PATTERN-MAKING AND FOUNDRY:
Pattern-making is the branch of
woodwork which deals with the construction of models of machinery in
wood, from which the actual machine parts are cast in the foundry.
The pattern-maker’s art requires a maximum of skill in handling
tools and materials. The finished pattern-maker is also a thorough
draftsman in the interpretation of drawings. The student in the
Foundry course takes the pattern-making course in conjunction with
it, and the actual processes met here immensely clarify the
theoretical work in the pattern-making room. The elementary students
are going through the different processes of pattern-making:
straight-lift pattern, split pattern, core box-work, faceplate work,
and rechucking, and are molding their own patterns and casting from
them in the Foundry. The advanced students are making patterns for a
lathe, a motor, an end lathe-rest stand, and a new type of
woodworking vise, designed by our Mr. Carniglia, and expect to cast
them in the Foundry.
The blacksmith shop marks the
transition from the use of wood to the use of metal as a material.
This course is open to High One students, and comprises a list of
models which include a pipe-hook, a ring, a figure-eight or ‘S’

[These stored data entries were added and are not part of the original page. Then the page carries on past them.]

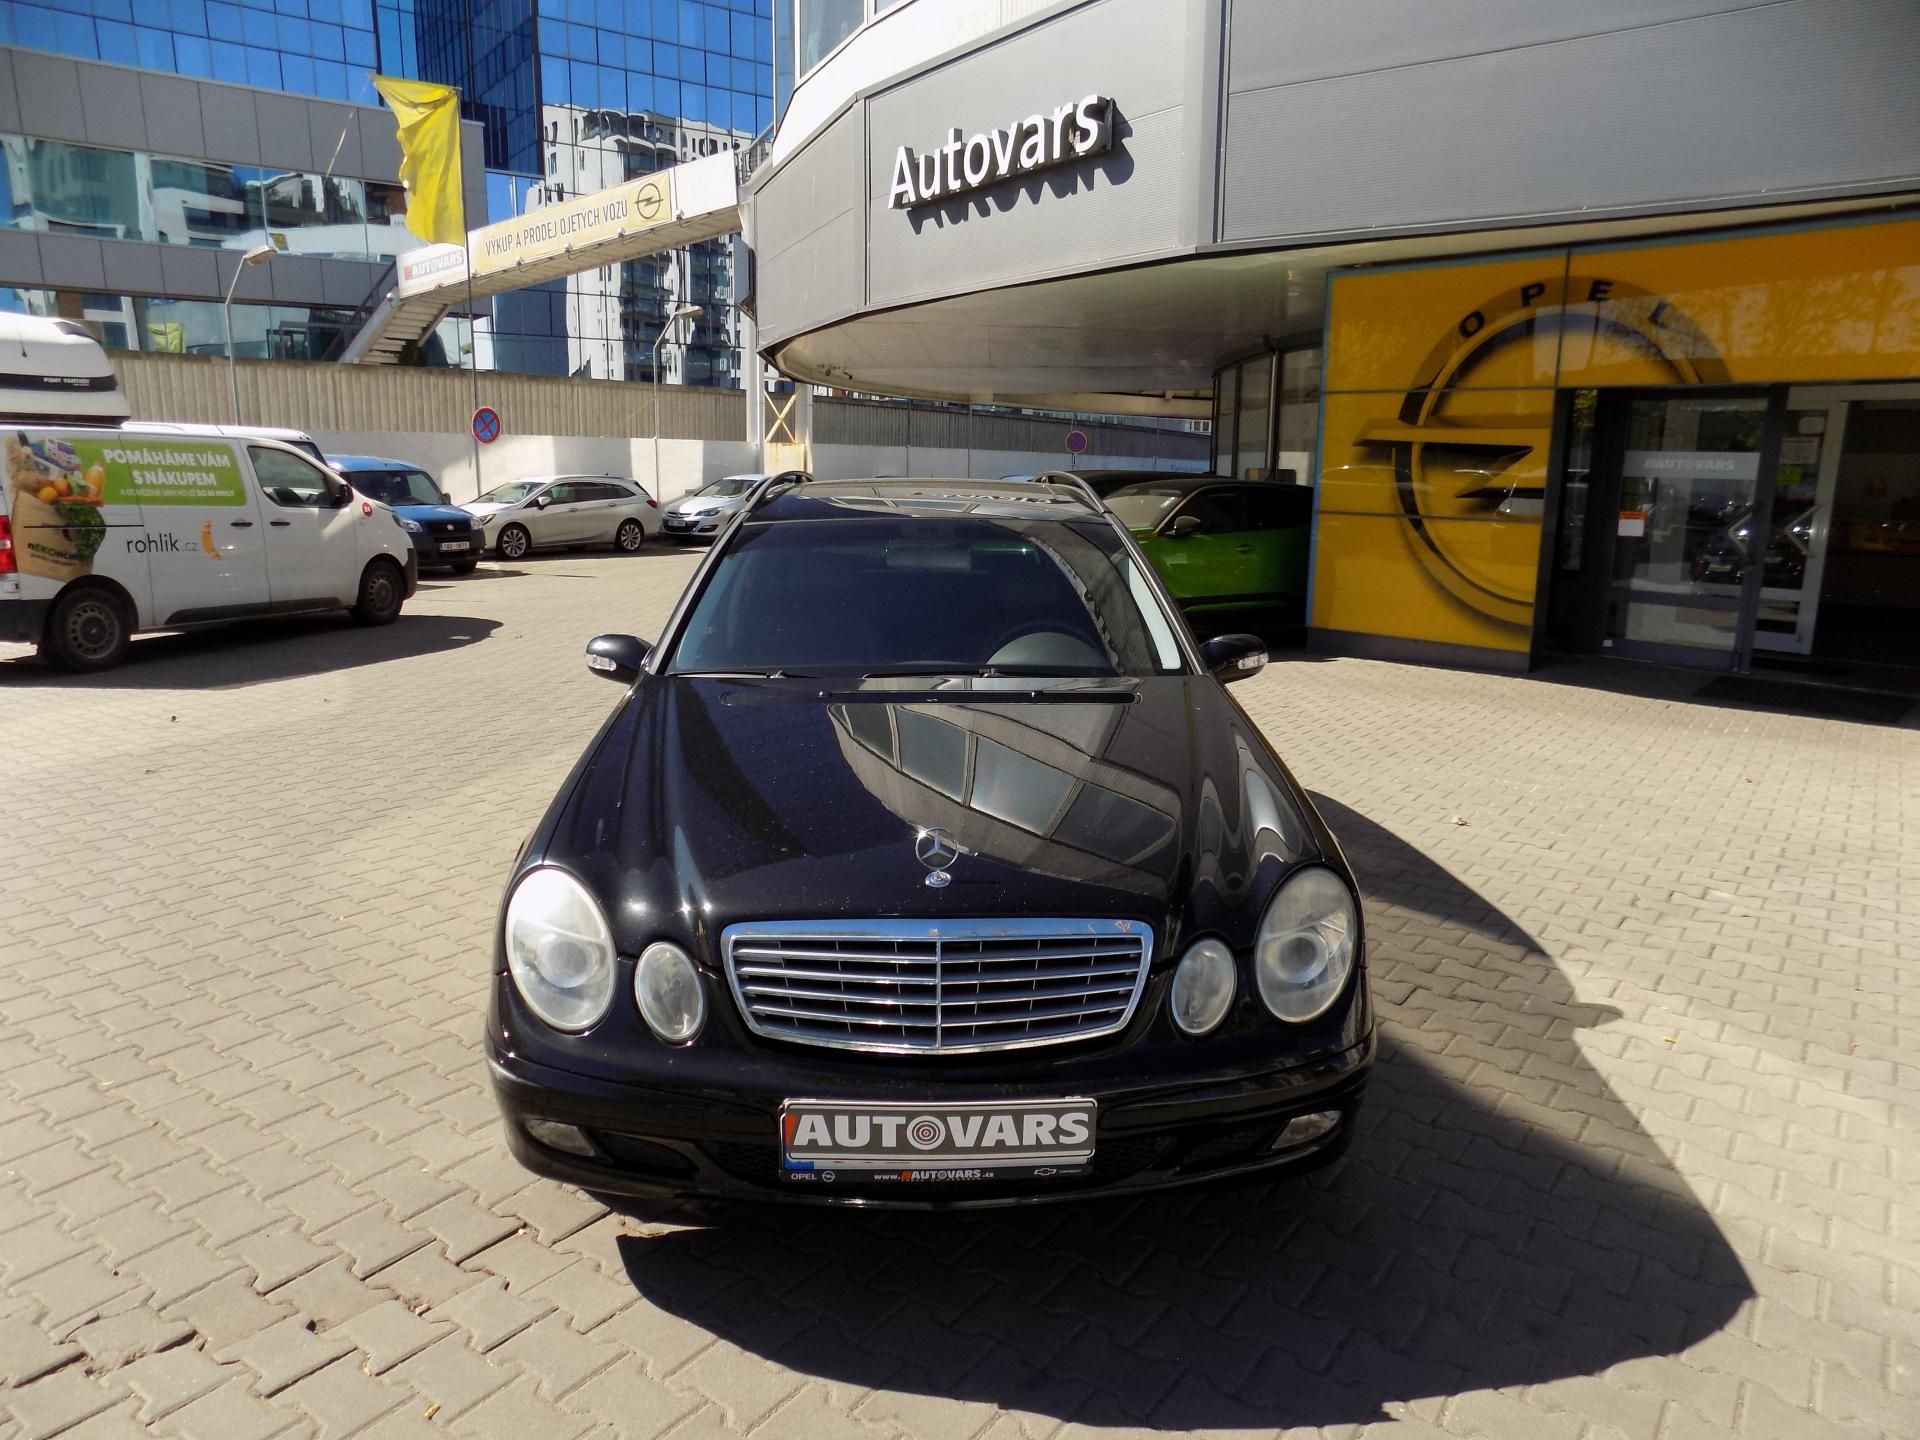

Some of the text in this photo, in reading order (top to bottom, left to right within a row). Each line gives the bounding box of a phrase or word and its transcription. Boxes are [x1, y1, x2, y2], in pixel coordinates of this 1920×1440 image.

[888, 94, 1098, 209] Autovars
[486, 233, 513, 256] VÝKUP
[516, 233, 522, 248] A
[524, 221, 557, 245] PRODEJ
[560, 208, 599, 236] OJETÝCH
[412, 252, 464, 275] AUTOVARS
[1458, 279, 1671, 338] OPEL
[103, 448, 231, 467] POMÁHÁME VÁM
[1655, 459, 1735, 471] AUTOVARS
[132, 469, 217, 485] S NÁKUPEM
[793, 1112, 1089, 1150] AUTOVARS
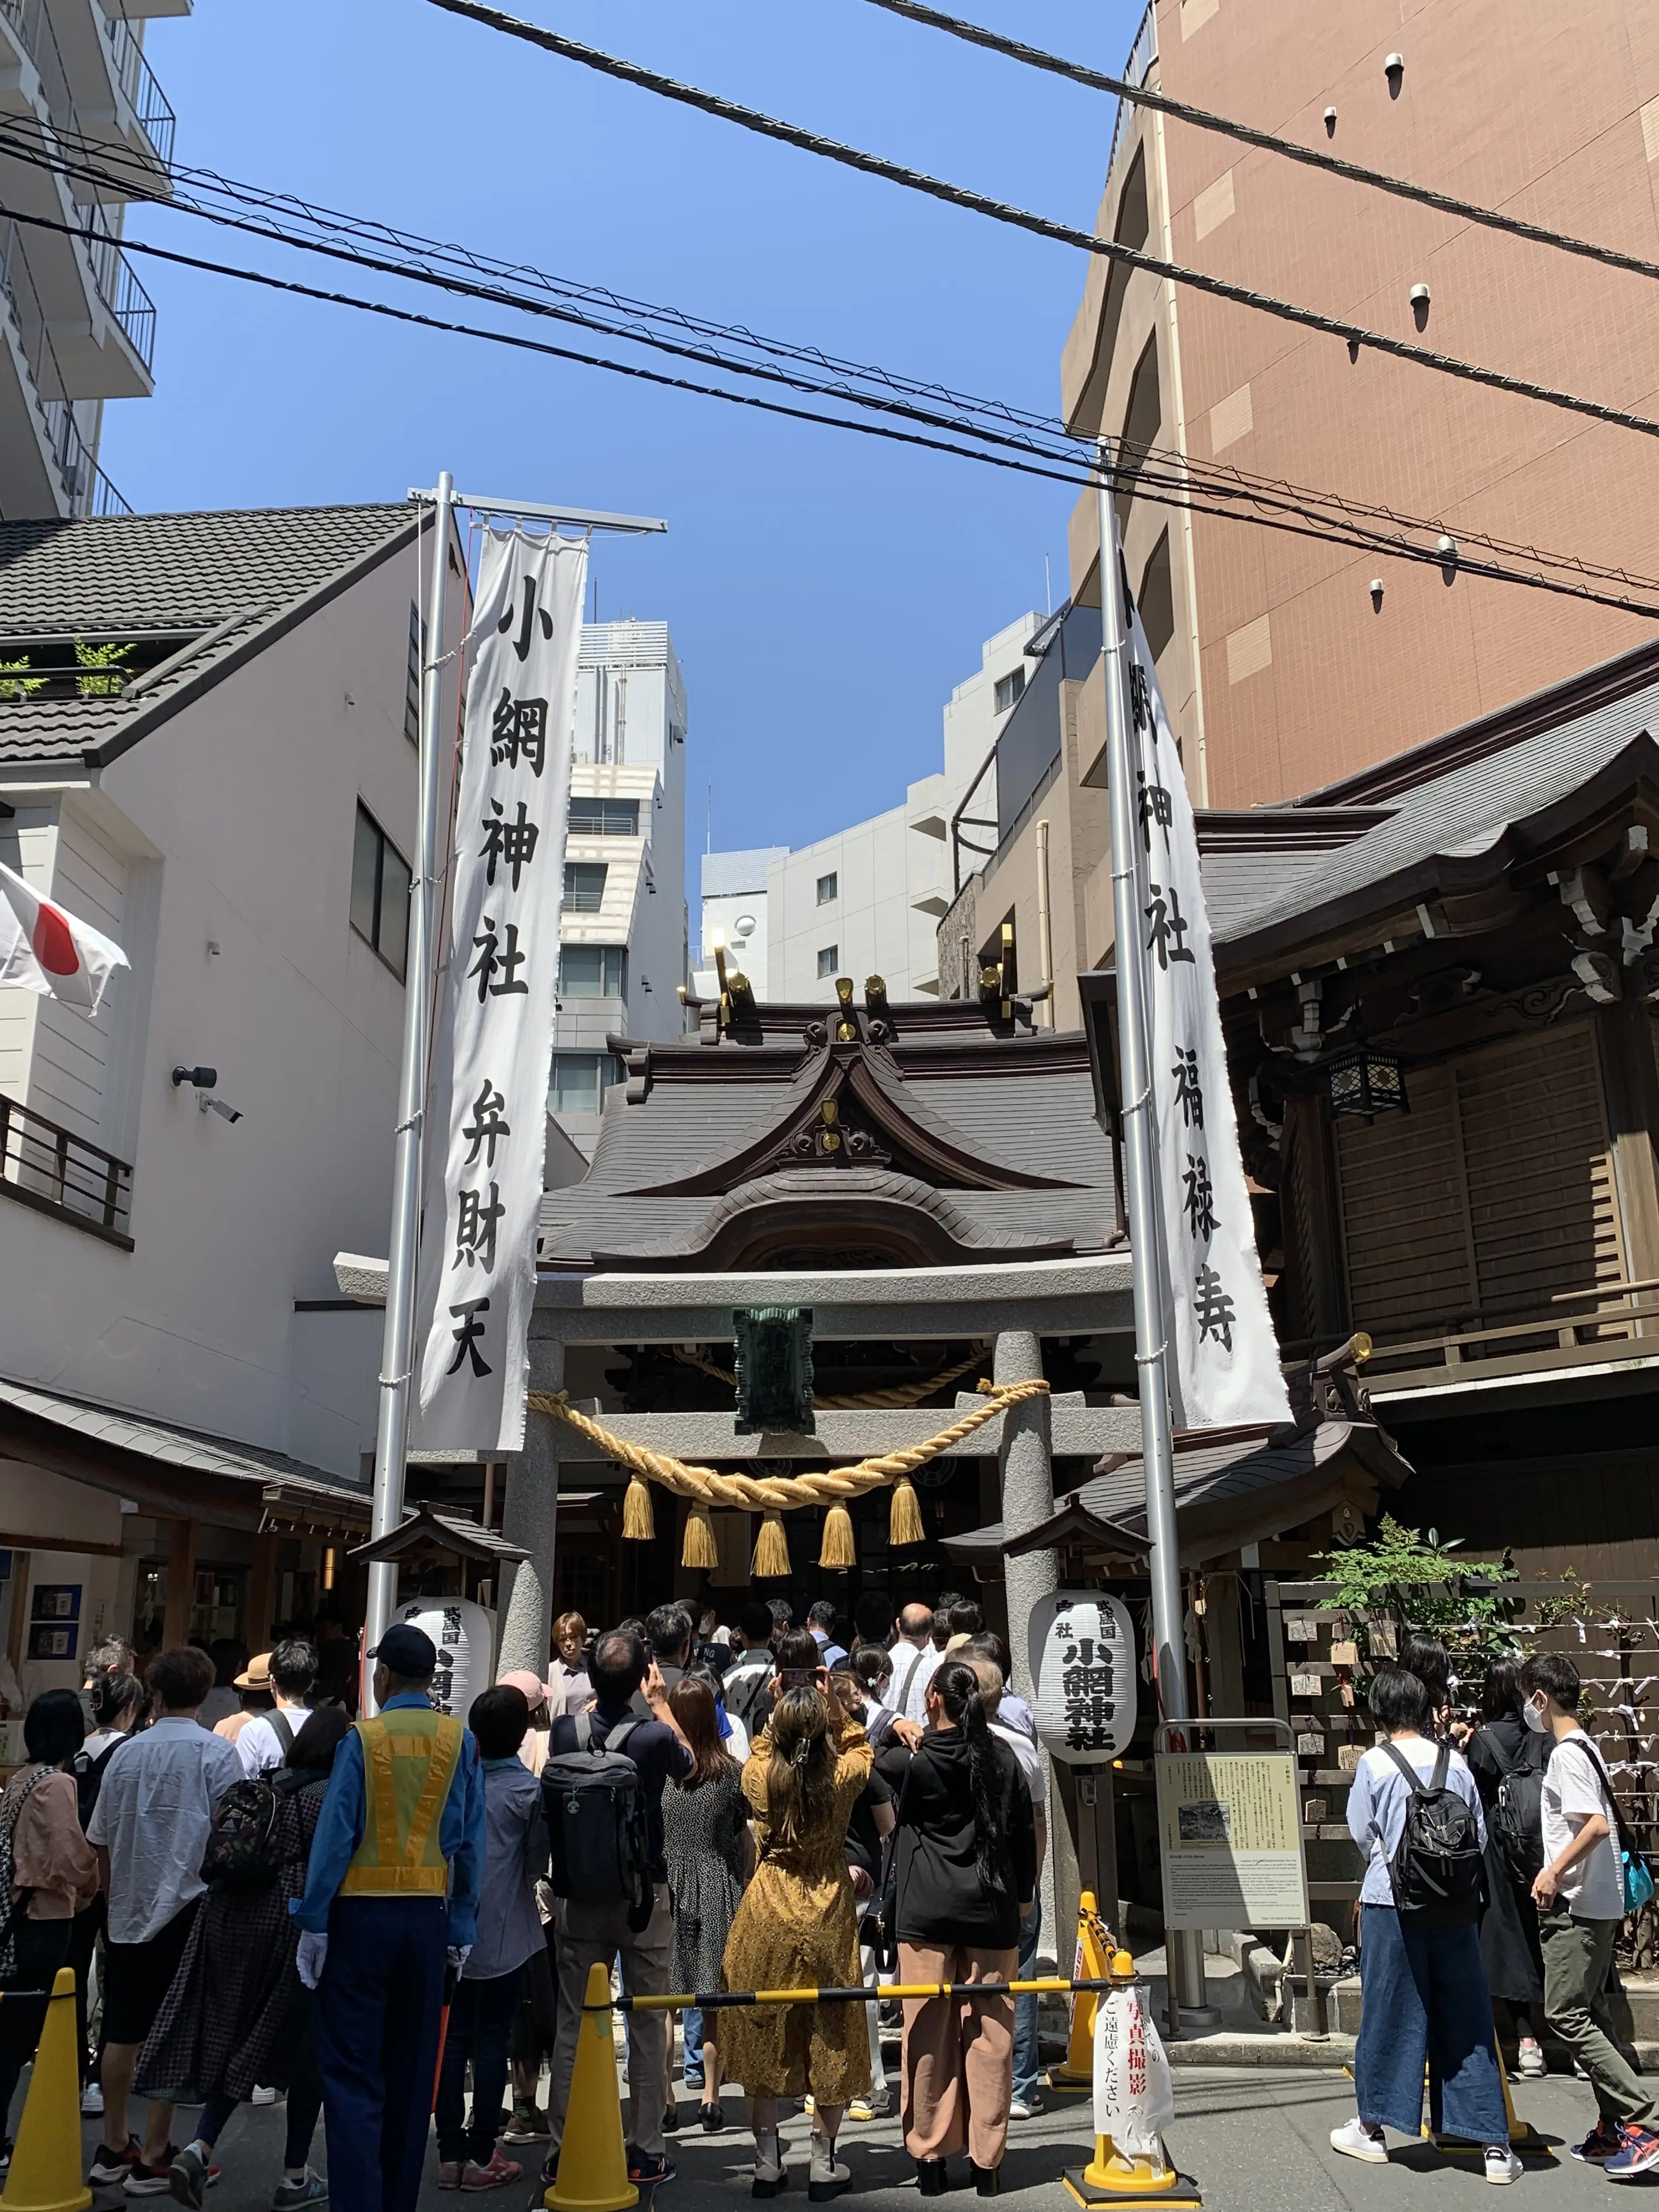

hook, staple, gate-hook, and then two welds: a lap, and a chain. The
advanced work consists of the making of a pair of chain tongs and a
pair of square-bit tongs. When this course is finished, the students
produce such pieces of work as fire-irons, andirons and umbrella
racks, of unique style and excellent workmanship. The work then
dovetails into the tool-making course, where the students forge
tools from tool steel, involving a study of the properties of this
metal and results of certain treatment on it, a study which is
indispensable from the viewpoint of a prospective mechanic. The shop
is very well equipped with a set of thirty downdraft forges, a
250-pound belt-hammer, emery-wheel, shears and a sensitive drill
press. The department hopes in the near future to have installed in
the forge room a new apparatus, the oxy-acetylene welding process,
which is in vogue throughout the United States.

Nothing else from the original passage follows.